Free-text object descriptions:

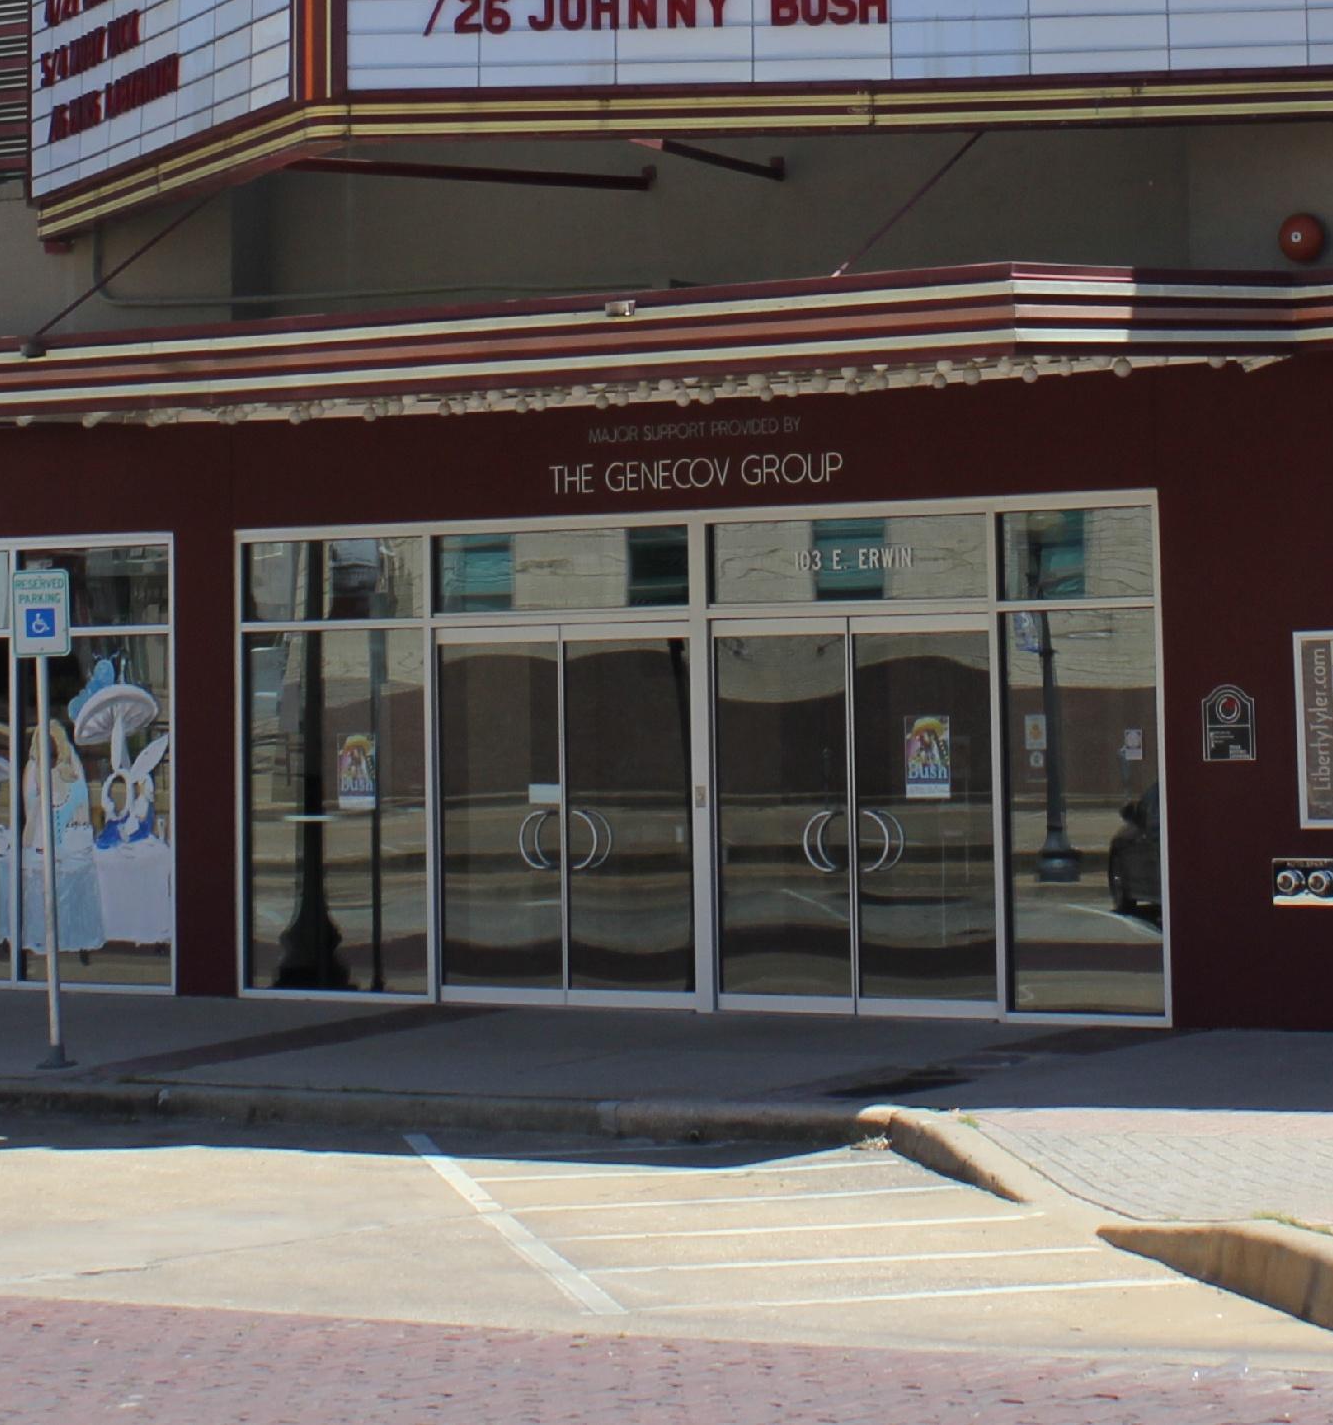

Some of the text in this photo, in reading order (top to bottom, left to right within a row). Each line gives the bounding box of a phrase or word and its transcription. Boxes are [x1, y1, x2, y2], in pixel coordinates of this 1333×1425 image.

[588, 416, 801, 444] MAJOR SUPPORT PROVIDED BY
[549, 452, 844, 495] THE GENECOV GROUP
[795, 550, 822, 571] 103
[858, 547, 914, 569] ERWIN
[14, 577, 65, 590] RESERVED
[18, 592, 61, 604] PARKING
[907, 761, 949, 780] Bush
[341, 775, 374, 792] Bush

** What the task asks **
The full text of the data above, exact and without pictures, is what to return.

** Task output **
Some of the text in this photo, in reading order (top to bottom, left to right within a row). Each line gives the bounding box of a phrase or word and its transcription. Boxes are [x1, y1, x2, y2], in pixel coordinates of this 1333×1425 image.

[588, 416, 801, 444] MAJOR SUPPORT PROVIDED BY
[549, 452, 844, 495] THE GENECOV GROUP
[795, 550, 822, 571] 103
[858, 547, 914, 569] ERWIN
[14, 577, 65, 590] RESERVED
[18, 592, 61, 604] PARKING
[907, 761, 949, 780] Bush
[341, 775, 374, 792] Bush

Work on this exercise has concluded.